CHARLES: Who--!? There’s no one here… Even though there’s a voice…
CHESHIRE CAT: I wonder~ Who am I, really~?
CHESHIRE CAT: ‘I am someone, and I am not.’
CHESHIRE CAT: The only one who can decide that is you.
CHESHIRE CAT: The question ‘Who am I?’ is not really that difficult~
CHESHIRE CAT: When I am not here then I am not.
CHESHIRE CAT: When I am here, then I am here.
CHESHIRE CAT: Such as when there’s a front, there’s a behind.
CHESHIRE CAT: I’m that much of a contradictory existence.
CHESHIRE CAT: The others call me Cheshire Cat.
CHESHIRE CAT: (laughs) Do you hate strange people, boy?
CHARLES: (deep breath) Yes. I’ve only been troubled the moment I arrived here!
CHARLES: The guy I asked for the way home won’t tell me and he hurried off.
CHARLES: Some flowers just kept on making fun of me even though they knew nothing about me…!
CHARLES: I’m this troubled and yet no one will help me!
CHESHIRE CAT: Is that so, is that so? You’re troubled, huh~
CHESHIRE CAT: You said you wanted to go home?
CHESHIRE CAT: Unfortunately, no one here’s really an ally or an enemy.
CHESHIRE CAT: It’d be best to keep that in mind.
CHESHIRE CAT: Hm~ You reeeeaaally don’t know anything, do you?
CHESHIRE CAT: You’re as sweet as can be.
CHESHIRE CAT: But that doesn’t mean that you can just be protected by anyone anywhere.
CHESHIRE CAT: You are free here. There’s no right or wrong. You’re free to live the way you want to~
CHESHIRE CAT: That’s right, freely~
CHESHIRE CAT: You don’t dislike that right, boy? Being free.
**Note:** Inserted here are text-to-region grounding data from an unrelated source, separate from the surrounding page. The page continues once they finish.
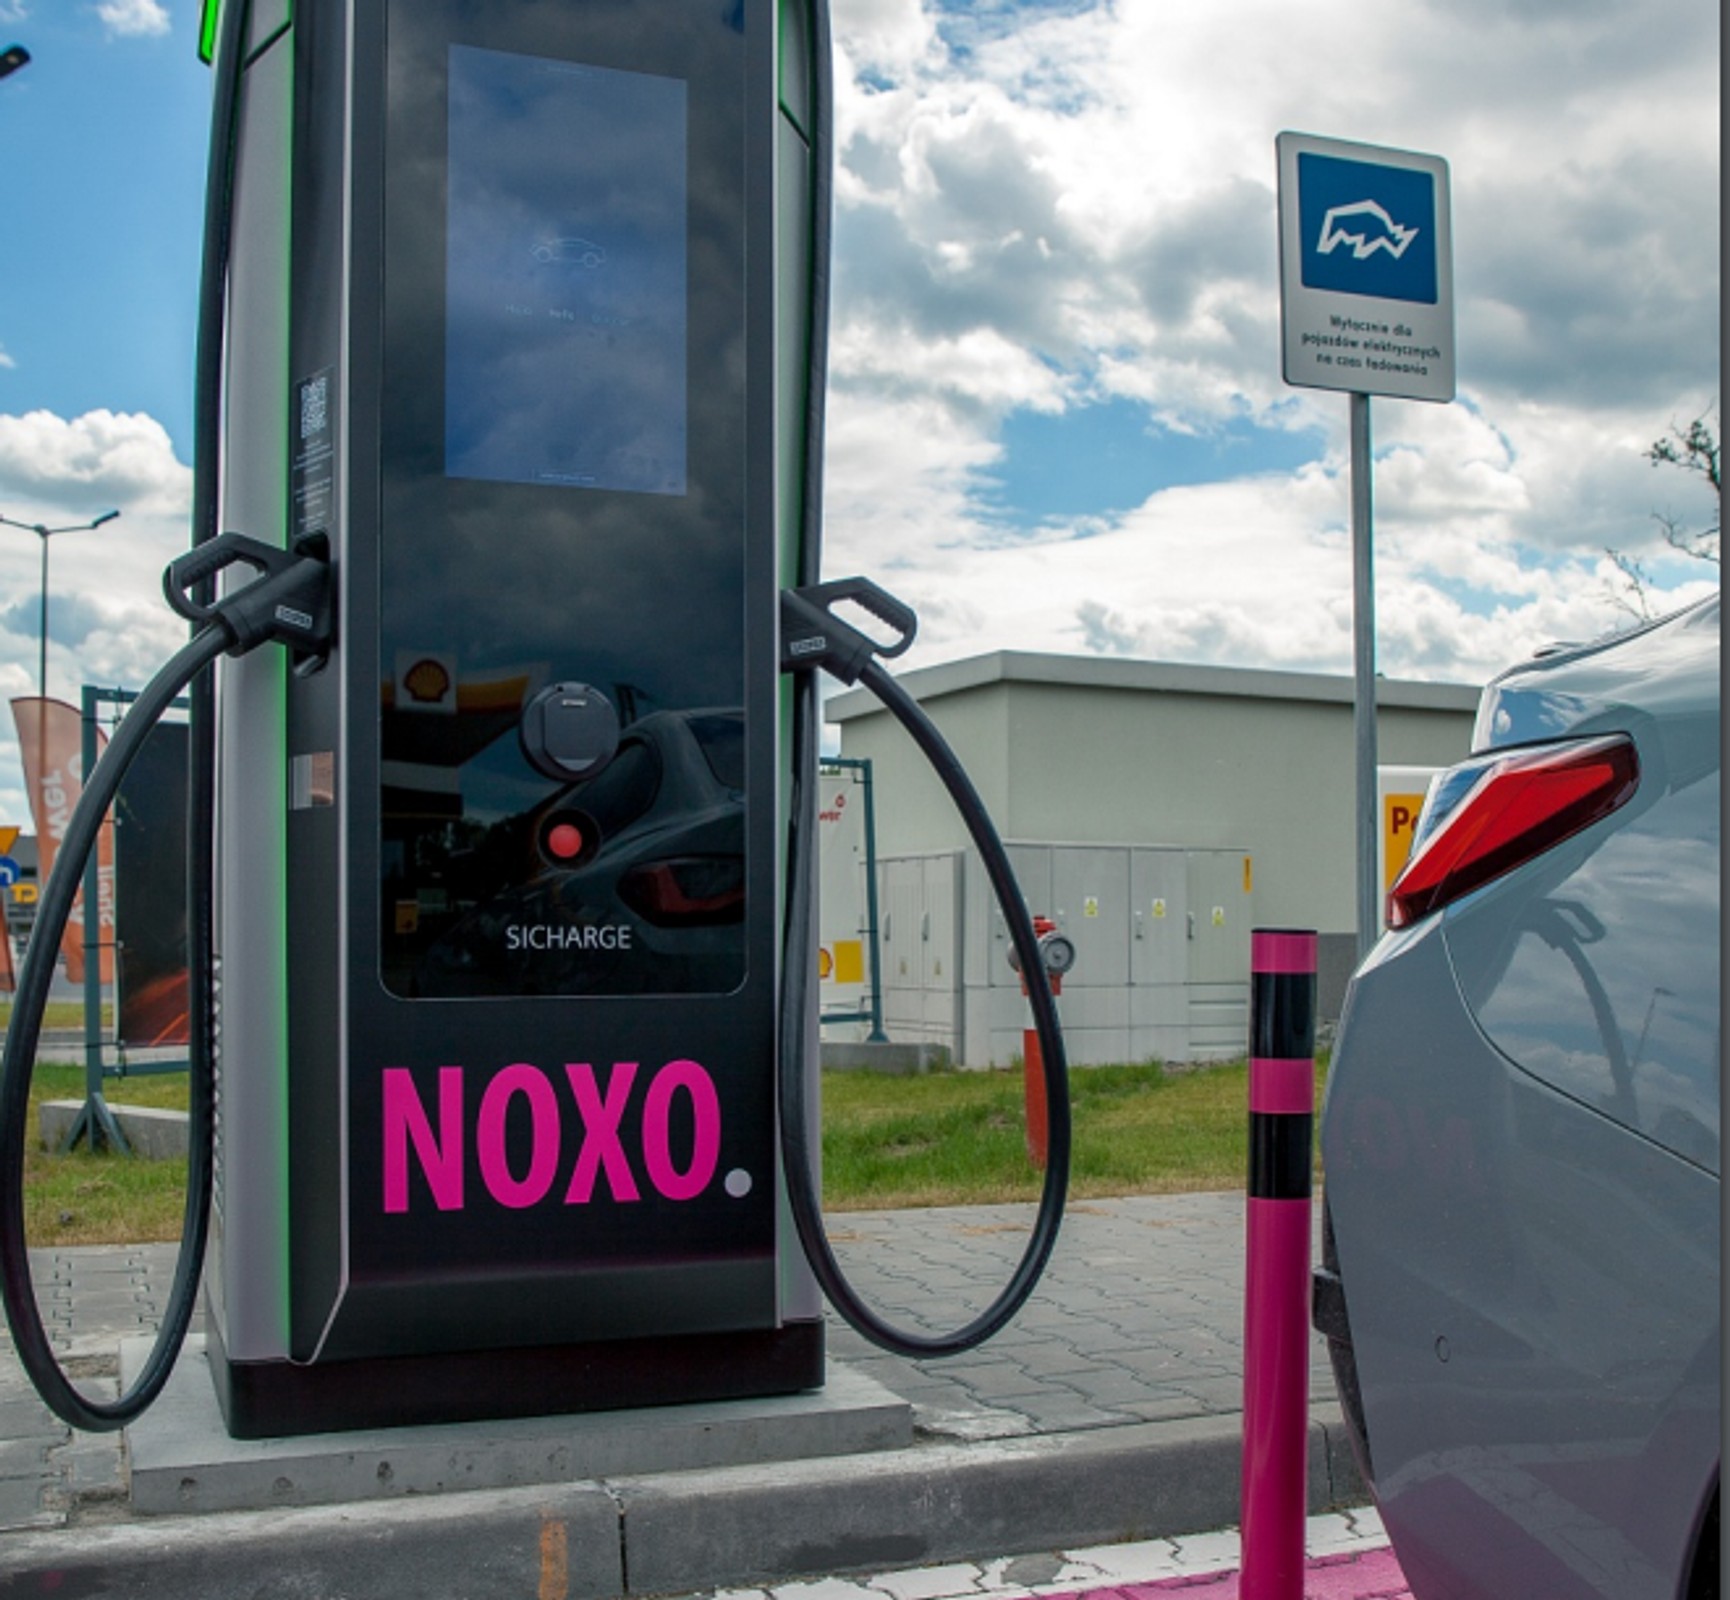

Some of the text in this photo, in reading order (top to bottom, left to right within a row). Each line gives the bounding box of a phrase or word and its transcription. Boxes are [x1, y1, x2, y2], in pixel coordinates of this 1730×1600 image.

[1393, 324, 1412, 337] dla
[1302, 332, 1440, 360] pojazdów elektrycznych
[1316, 353, 1332, 365] na
[1336, 356, 1362, 368] czas
[506, 924, 632, 949] SICHARGE
CHESHIRE CAT: And yet, you’re so displeasured.
CHESHIRE CAT: ‘Alice is really unusual,’ was it~?
CHESHIRE CAT: (laughs in a taunting kind of way)
CHARLES: You speak as if you know everything.
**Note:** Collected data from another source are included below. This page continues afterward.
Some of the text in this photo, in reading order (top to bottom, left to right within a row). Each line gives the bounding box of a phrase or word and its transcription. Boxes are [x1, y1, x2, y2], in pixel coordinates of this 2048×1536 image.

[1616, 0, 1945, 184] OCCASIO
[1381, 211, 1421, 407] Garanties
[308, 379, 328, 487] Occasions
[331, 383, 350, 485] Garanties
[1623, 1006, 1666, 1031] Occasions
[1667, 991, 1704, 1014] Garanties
CHESHIRE CAT: Well, not everything~
CHESHIRE CAT: What I know is the same as what you do.
CHESHIRE CAT: In other words, as long as you know it then I will, too~
CHESHIRE CAT: Hey, Alice.
CHESHIRE CAT: Do you really want to go home?
CHARLES: … O-of course I do!
CHESHIRE CAT: Heh~ ‘of course,’ huh?
CHESHIRE CAT: Then, I think you should go that way~
CHESHIRE CAT: I’m sure there’s some delicious food over there. You’re hungry aren’t you, boy~?
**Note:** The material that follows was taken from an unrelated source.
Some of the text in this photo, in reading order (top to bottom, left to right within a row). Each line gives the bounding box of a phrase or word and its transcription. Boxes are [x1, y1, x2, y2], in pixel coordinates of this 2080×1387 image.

CHESHIRE CAT: Eat your fill first.
CHARLES: I’m not hungry!
CHESHIRE CAT: No~ You are.
(Charles’ stomach grumbles)
CHARLES: …!
CHESHIRE CAT: See? (laughs) You’re not gonna be late going home anyway.
CHESHIRE CAT: I’m pretty sure you’ll find what you need there, Alice~
  ***
THE HATTER: Cheers to the tea party where anything goes!
MARCH HARE: Cheers~! The Hatter really knows how to throw a party! Let’s all let our hearts out and enjoy this to the fullest~
(glass breaks)
THE HATTER: (laughs) Goodness, this cake is marvellous! It flies so well with the cup.
DORMOUSE: (nervously) A-ah… that cup is… the thirteenth cup you’ve broken…
DORMOUSE: Uwah…! So wasteful… Why did you do that…? It’s the end of the world…
THE HATTER: Oh, Dormouse! Let us enjoy no matter what happens!
THE HATTER: Also, it is because we’ve already broken so many that we need not be aware of what we throw next!
THE HATTER: Plus, everything that holds shape will be broken someday.
MARCH HARE: I wouldn’t dare think that even a stylish cup like this could be broken.
MARCH HARE: This might be an omen for something good~! Woah, this is the best!
THE HATTER: Exactly! If you keep in mind that we can buy new cups then, see, what do you think~?
THE HATTER: The fun will increase!
DORMOUSE: That… may be… Yeah, that’s right!
DORMOUSE: Then let me break my remaining cups, too. Cheers~
(laughter erupts from the trio)
CHARLES: (quietly) Amazing…! They’re doing toasts using tea cups. If I did that at a normal tea party, Big Brother will surely scold me.
(Charles steps on a twig)
THE HATTER: Oh my, this is…! (he claps his hands) March Hare, Dormouse, we have a guest~
THE HATTER: Young Master, your hand please. (he grabs Charles’ hand)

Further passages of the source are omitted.